Anyway, if I ever see this most intriging curiosity go my way, I'll definitely pick it up for a night of fun.
Curious indeed David
Comment by Bryn
Horrorphile
I love Yimou's early movies, especially Ju Dou and Raise the Red Lantern.
But Blood Simple is one of my favourite movies of all time.
Comment by David O'Connell
20/20 Filmsight
Screen Fanatic
Definitely is a curiosity JD. Won't be remembered as one of Yimou's best films but he's a huge Coen brothers fan apparently so good on him for giving it a shot and paying homage to them in a sense.
Godard was right on the money there Shaun.

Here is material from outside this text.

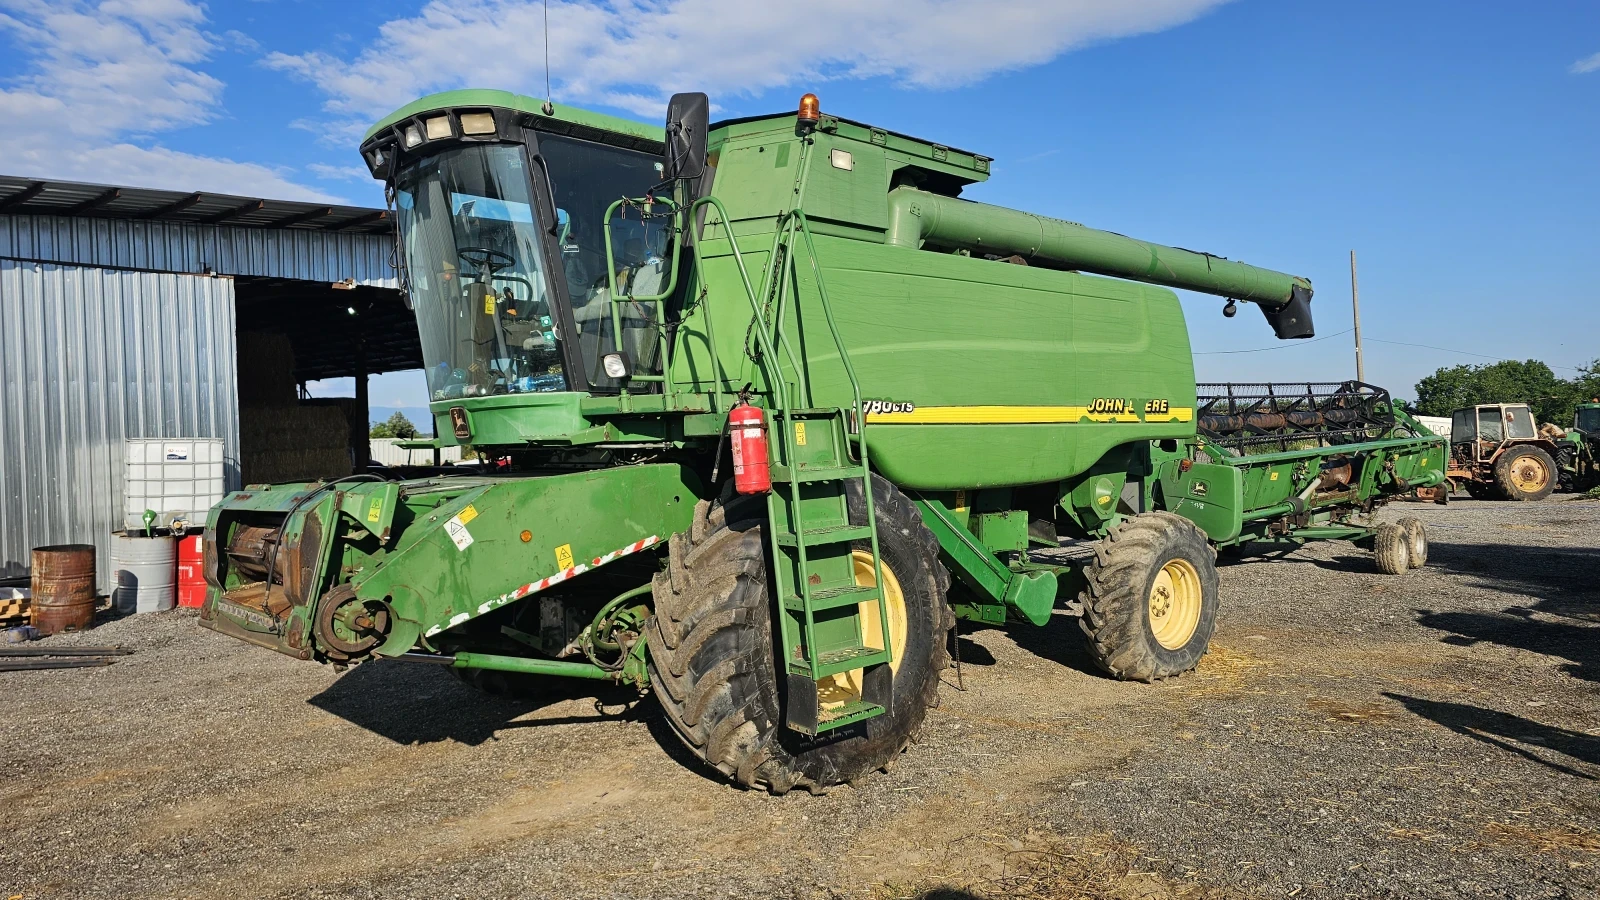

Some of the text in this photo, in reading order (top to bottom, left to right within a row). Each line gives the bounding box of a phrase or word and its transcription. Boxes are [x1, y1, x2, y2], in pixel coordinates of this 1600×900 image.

[853, 400, 915, 414] 780CTS
[1087, 398, 1169, 413] JOHN ERE

This opens in limited release around the country next Thursday, November 4 which I forgot to mention at the end of the review. It might be hard to find though, I'm pretty sure only one cinema in Melbourne will be screening it, might be the same story in Sydney and elsewhere too.
You have great taste Bryn, Raise the Red Lantern is my favourite Yimou film by a long way! A gorgeous masterpiece of a film. Are there any good DVD releases of it out there? I've heard that a couple of them are bogus with wrong ratios etc.
Comment by Bryn
Horrorphile
Comment by MelG
Comment by David O'Connell
20/20 Filmsight
Screen Fanatic
RTRL is a masterpiece but Yimou has come close to it a few times since. Not One Less is a heartbreaking story - very simple but very affecting too.
I've never seen Farewell My Concubine but heard good things about it.